If you’re as obsessed with the rap duo Flyana Boss as I am, you know their song “You Wish” went viral on TikTok. Along with the creative direction of their videos, one particular lyric went viral, which states, “I’m made of sugar, spice, kanekalon and cinnamon.” Given that Flyana Boss is a duo of Black women, many other Black women felt the significance of this line. Many of us were told by our hairdressers to make sure our moms got 100% kanekalon braid hair before our braid appointments as children. This led to many Black women making videos with this lyric and overall just spreading love to ourselves and our community. 

So, when non-Black women started lip-syncing to this particular line — despite there being plenty of others they could’ve used in this song alone — it raised some red flags. Black women showed distaste and pointed out the significance and how Black women just wanted this to be a celebration of Black hair practices. Instead of understanding, these concerns were met with downplaying. People would claim that most wigs are made of kanekalon and that every race can and has worn wigs. Although this is true, wigs are also very integral to the Black community, but that’s a conversation for another day. 

This deflection was used to silence Black women’s perspective and the significance of kanekalon. It’s especially interesting, as this isn’t completely appropriation, but it is an example of downplaying cultural perspectives and context. It gives people access to other cultures without listening to what context the culture ascribes to it. Claiming “X is for everybody” strips practices of their cultural meaning and opens it up to technically not being CA. 

Backlash Against the Carriers of Culture: Why “Gatekeeping” is Sometimes Justified

Recently, there has been a specific cultural exchange I’ve found wholesome: when women of other races and cultures with curly hair started wearing bonnets to bed. Watching this trend, I was happy people found something new to help them, but also, the immense respect and gratitude these women showed toward Black women was amazing. It was respectful, with non-Black women asking for tips, whether it was culturally okay to wear one, and coming back to show thanks to the Black women who helped them do better for their hair. 

There is still something to be said about the double standard of non-Black people wearing bonnets outside and the respectability politics surrounding Black women doing the same. But, when the exchange is respectful and just for the benefit of people with curly hair and overnight protection, I don’t see it as an appropriation issue. Of course, this is just my opinion and is not representative of Black people’s feelings about this. 

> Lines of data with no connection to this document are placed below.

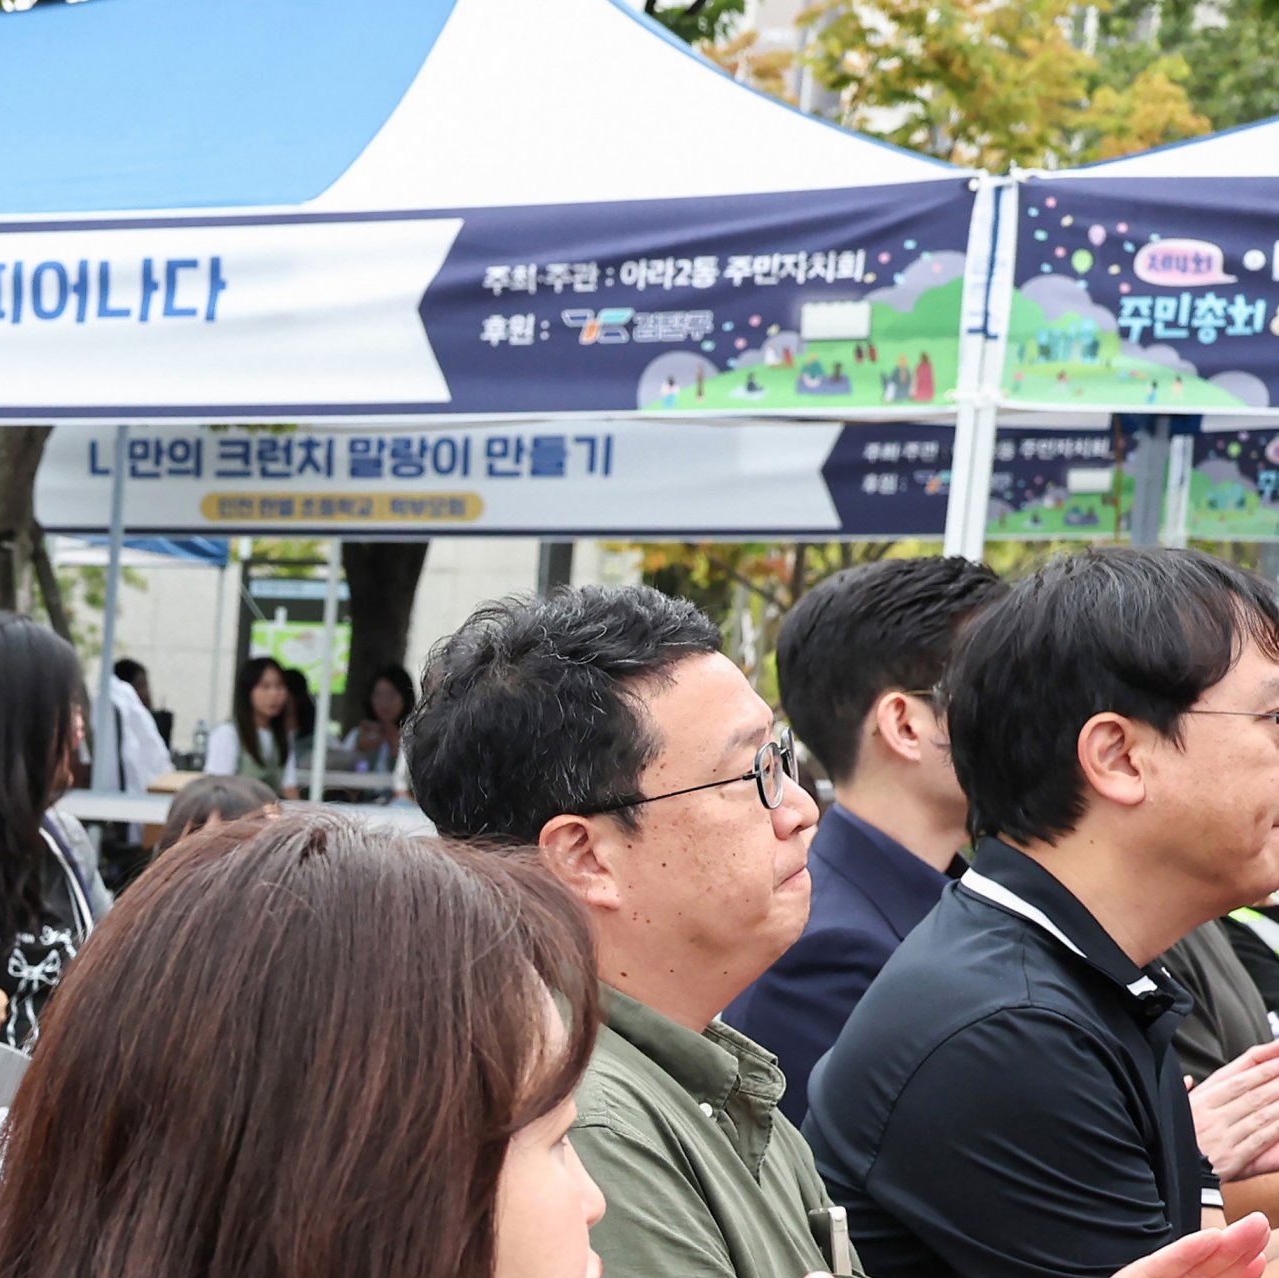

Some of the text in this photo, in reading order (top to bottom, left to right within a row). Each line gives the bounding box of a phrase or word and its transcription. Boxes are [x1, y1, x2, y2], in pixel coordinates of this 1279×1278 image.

[619, 256, 719, 292] 아라2동
[723, 249, 867, 288] 주민자치회
[480, 312, 536, 347] 후원
[1117, 291, 1267, 344] 주민총회
[215, 436, 334, 478] 크런치
[348, 434, 471, 478] 말랑이
[486, 433, 615, 478] 만들기

This dynamic was a welcome diversion from the typical “you shouldn’t wear box braids because your hair can’t handle it” and “I’m going to do it anyway” exchange I normally see. Based on the typical exchanges, it’s not hard to see why “gatekeeping” is sometimes justified in cultural communities and their practices. Based on how much has been co-opted from Black culture, it seems that without gatekeeping, some things don’t remain ours. Once it’s out of our hands, it becomes acceptable, but when in our own hands, it’s mocked. 

What’s the Common Thread, and What Should We Do? 

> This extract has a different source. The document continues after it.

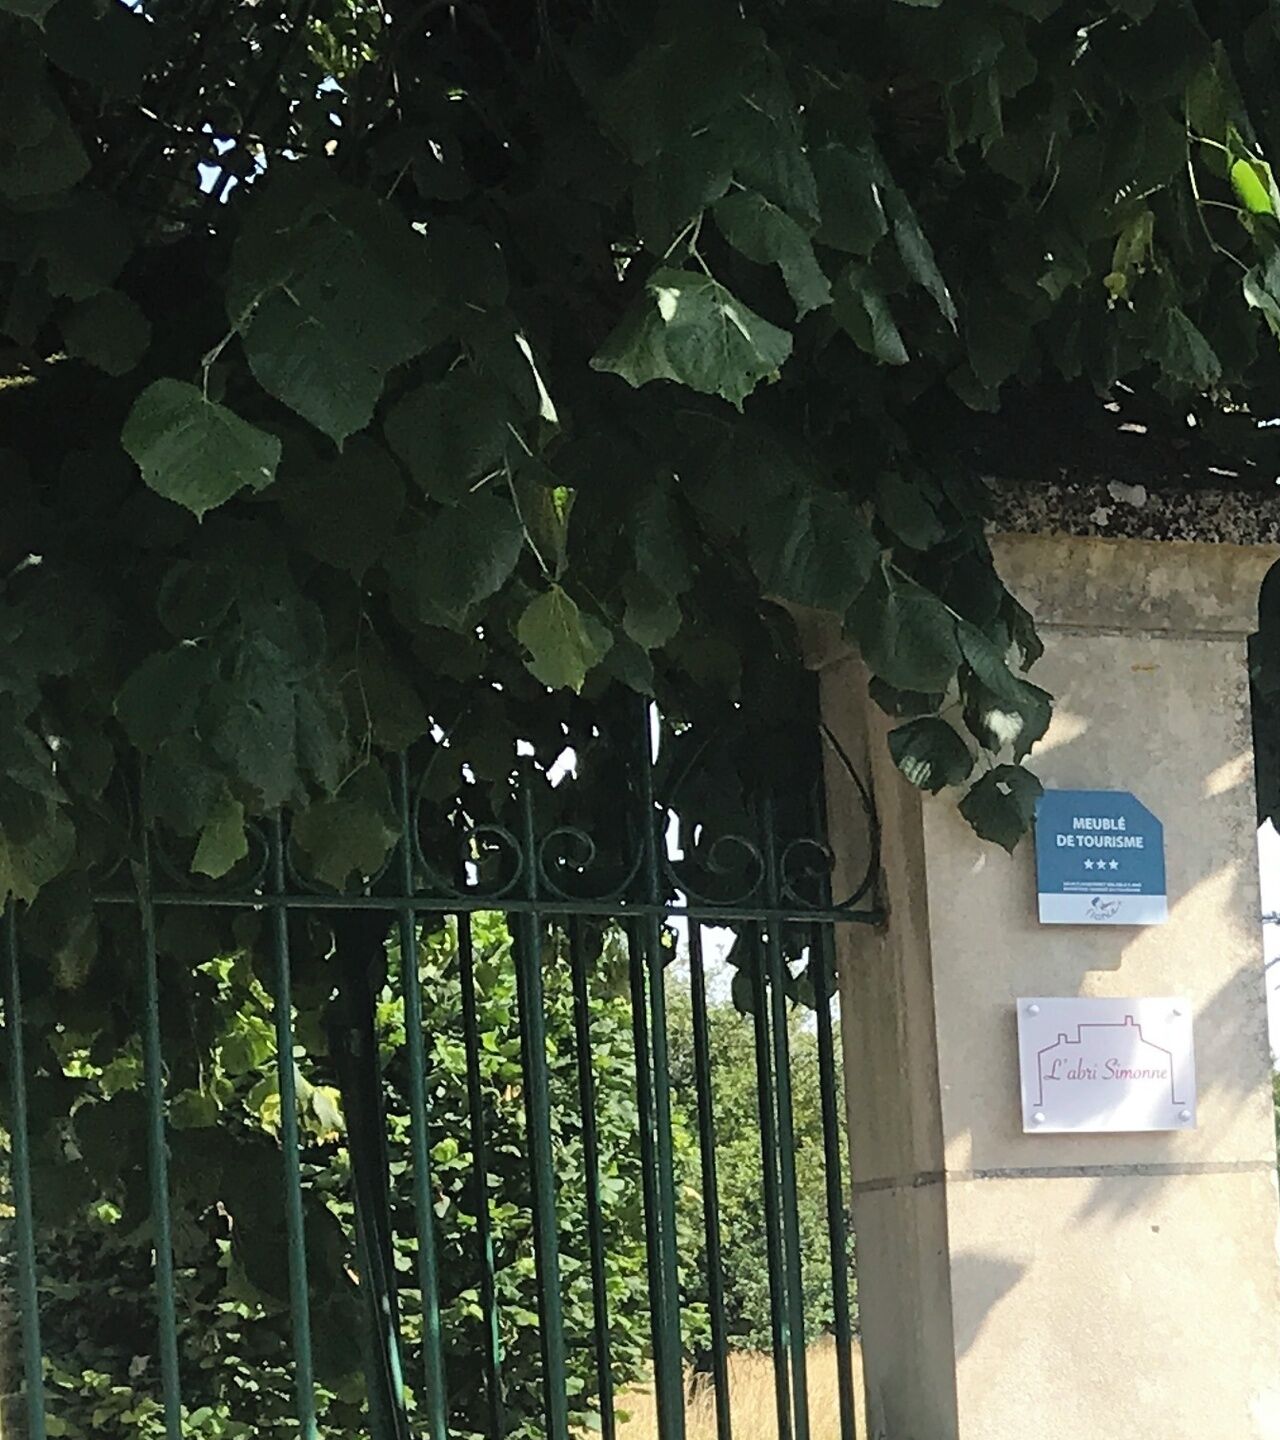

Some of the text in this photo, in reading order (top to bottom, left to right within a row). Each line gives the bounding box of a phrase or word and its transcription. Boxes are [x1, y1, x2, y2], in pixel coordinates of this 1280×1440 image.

[1073, 816, 1126, 831] MEUBLÉ
[1056, 834, 1144, 849] DE TOURISME
[1043, 1057, 1168, 1081] L'abri Simonne

The common thread between each of these aspects of reinvention, downplaying, and gatekeeping is people from outside of Black culture wanting a say in or access to Black culture. They want to appropriate without accountability, take credit, and turn the blame back onto Black women when we call them out. 

So when approaching the sticky subject of cultural appropriation, I think the best thing to do is research, listen to, and learn from each other. Think before you use or emulate aspects of other cultures, and try to credit those who came up with what you’re deciding to do. That way, we can participate in safe cultural exchange and reap the benefits of knowing more about one another.